I released her chin, grabbed her arm, and yanked her into step behind me. A week ago, I would have forced the matter, pulled the truth from the depths of her soul, consequences be damned. But now . . . The thought of seeing her eyes grow dull and lifeless, their spark erased, was one I could not stomach. And despite her deceit, her lies, I could not help but pray there was an explanation for this. That the shock she’d displayed when she laid eyes on the other male meant she had not known he was lycan. That my judgment had not been so compromised as to allow an accomplished liar to seduce our pack.
“You’d do best to be quiet now, female,” I hissed, knowing any threat I made would be an empty one. Never again would I allow anything to steal the life from her soulful eyes. “Unless you wish to tell me about the male.”
I would have her trust, her secrets, everything that she was. And though the vulnerable female would never have my deadened heart, by god, I’d have hers.
24
Hope
Matthew.
Matthew.
Matthew was . . . alive?
Two hours later, the shock of seeing him had still not receded. While Lucien paced from the kitchen through the living room and down the hall past all the bedrooms, I sat on the couch and tried to make sense of this new reality.
My world had tilted. Up was down and down was up and sideways was the new normal.
&nb
sp; Matthew.
My head felt heavy, my mouth dry, my pulse jumped to its own, irregular beat.
How was he alive? What was he doing at the Assembly? Why had he mouthed ‘please’ while shaking his head and looking as pale as a corpse freshly risen from the grave?
So many questions. They rattled around in my brain, occasionally branding a word or two behind my eyes—words like ‘lycan’ and ‘escaped’—before disappearing back into the abyss.
The couch felt abrasive beneath my clenched hands. Or maybe my skin was just raw. I squeezed the cushion until my knuckles turned white, until my fingers tingled and my nails ached from the pressure.
Pressure that also surrounded my head like a bubble ready to burst.
Matthew had died. I’d watched him die. I’d watched him being beaten to death for a crime I’d committed.
I shook my head and tried to focus despite my turmoil.
Matthew was alive.
The breath caught in my throat.
He’d found a way to escape.
My pulse fluttered.
I hadn’t gotten him killed.
Something in my chest tightened, loosened; my heart gave a massive thump.

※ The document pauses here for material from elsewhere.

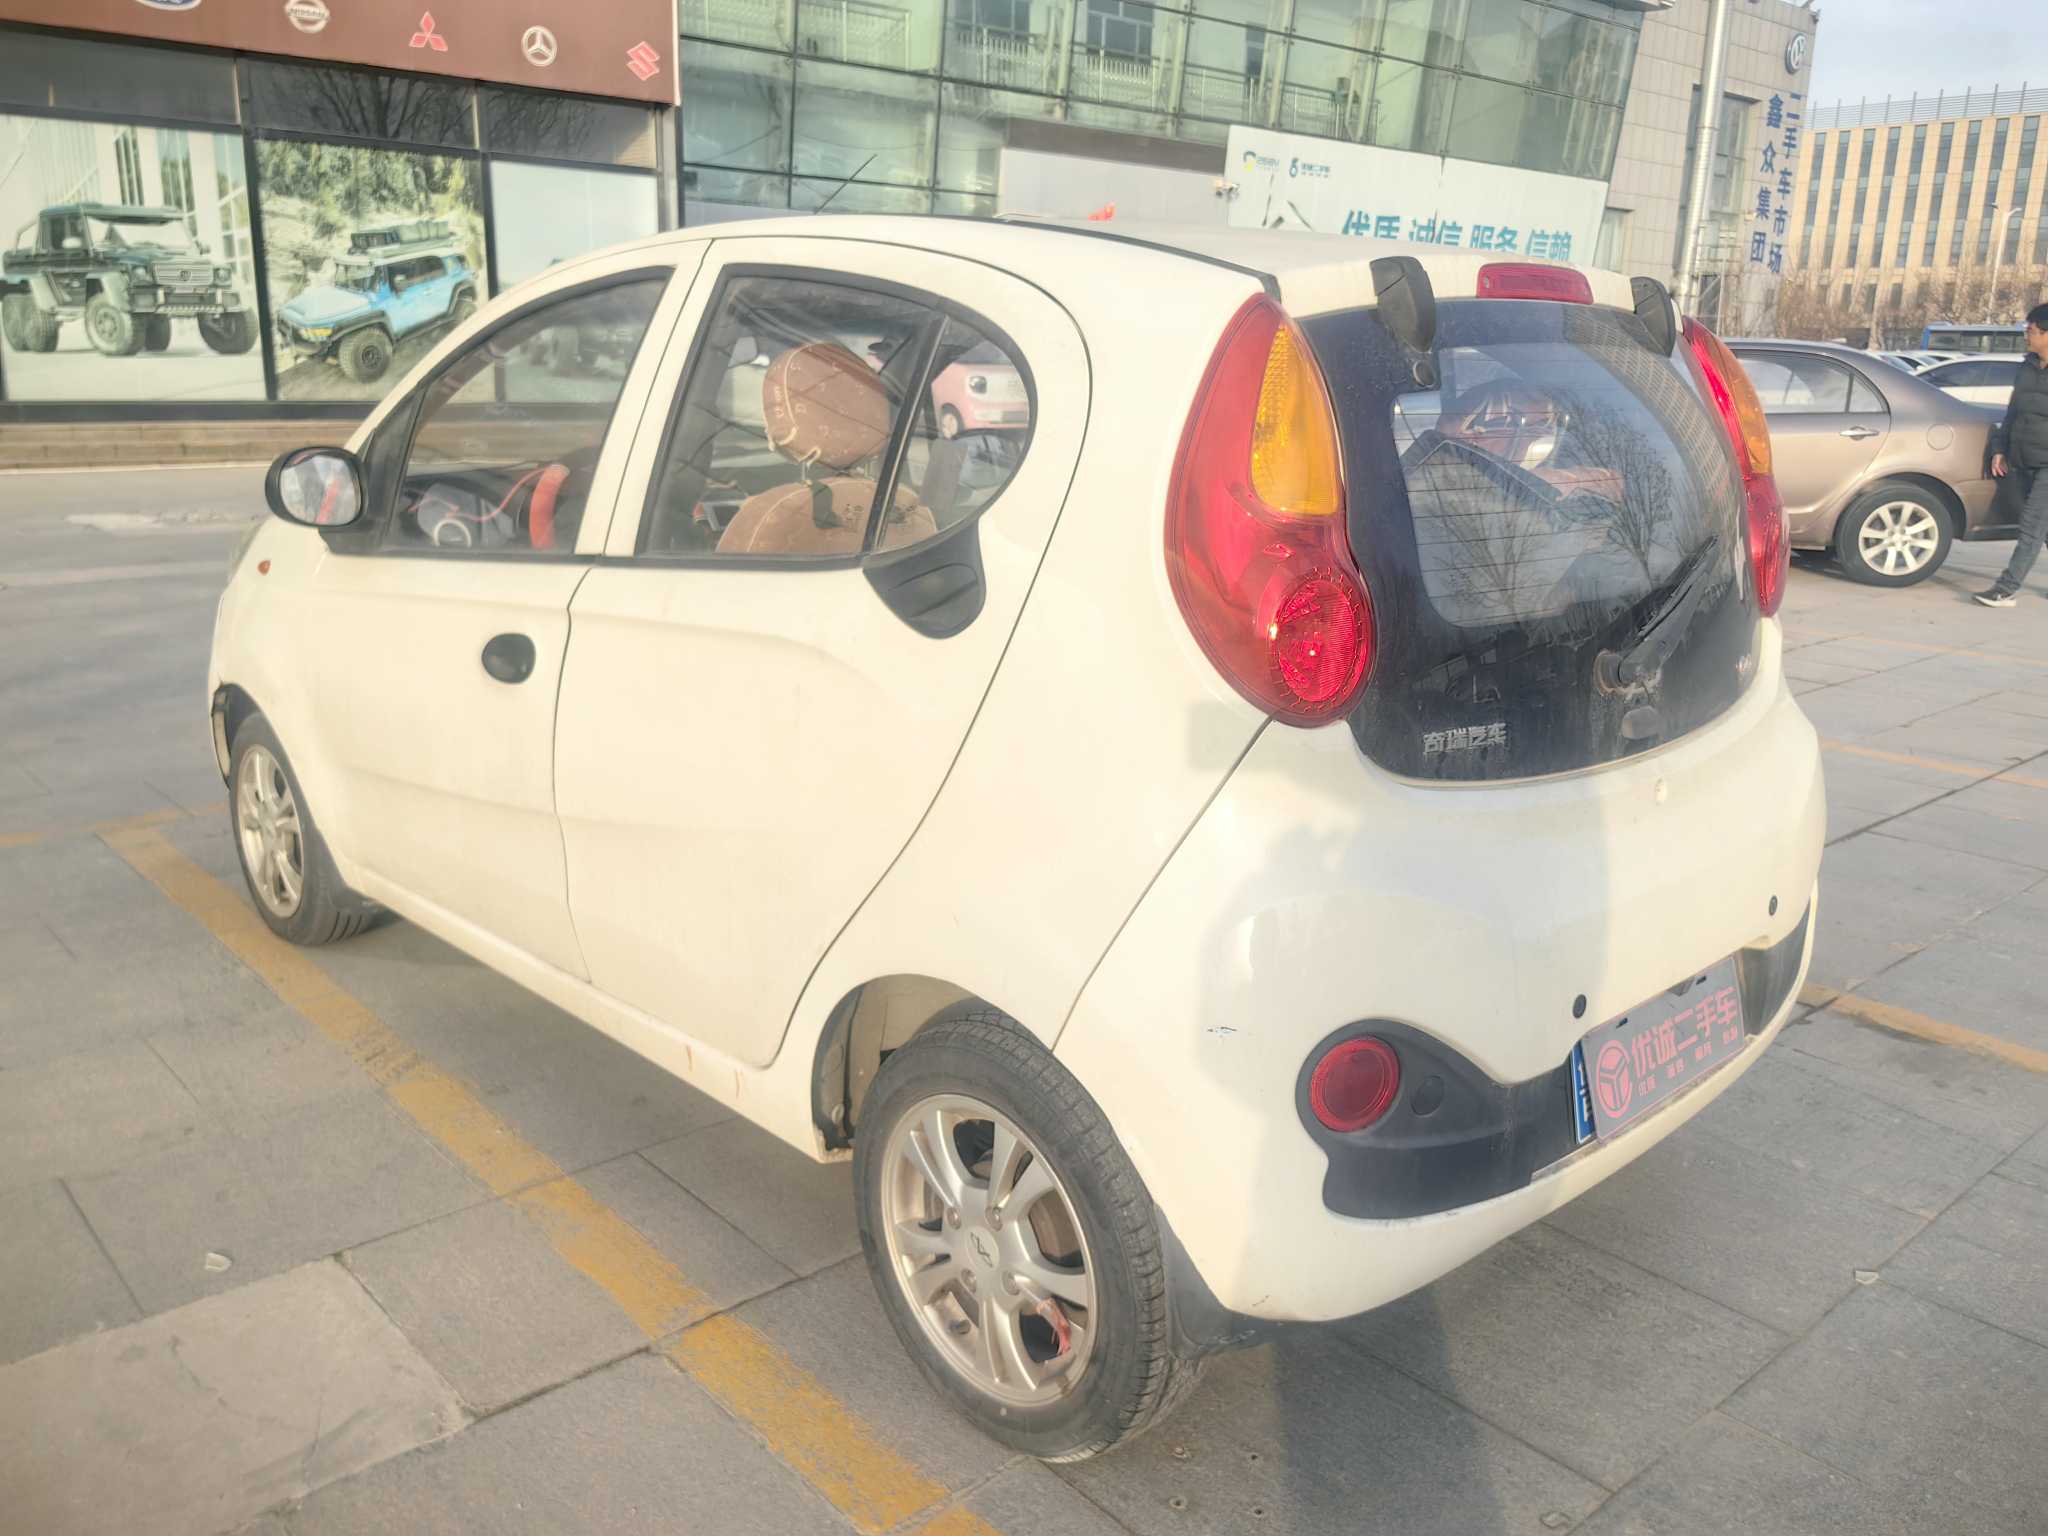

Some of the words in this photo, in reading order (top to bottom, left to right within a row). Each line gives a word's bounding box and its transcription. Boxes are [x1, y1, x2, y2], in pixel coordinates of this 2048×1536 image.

[1750, 93, 1784, 263] 鑫众集团
[1767, 92, 1801, 275] 二手车市场
[1422, 722, 1507, 754] 奇瑞汽车

Matthew was alive, and I owed him more than I could ever repay. Not just my freedom, but my life. And my sanity, for had I been forced to endure another punishment that day, I’d have shattered into a million pieces.
* * *
The Hunter Compound - Several Months Ago
Matthew hadn’t been fed in days. Or had it been weeks? His naked chest had hollowed out, his ribs strained against skin covered in bruises, cuts, and burns.
He was dying.
We were all dying.
Or maybe we were dead and just didn’t know it yet.
I grabbed two of the bars to my cell and tried to squeeze my face close enough that I could see up and down the narrow, snaking corridor.
No guards. Barely any light.
I reached behind me to the lone piece of bread I’d been given. It folded beneath my tight grip, and I forced my hand to relax. To stop clutching it. He needed it more than me.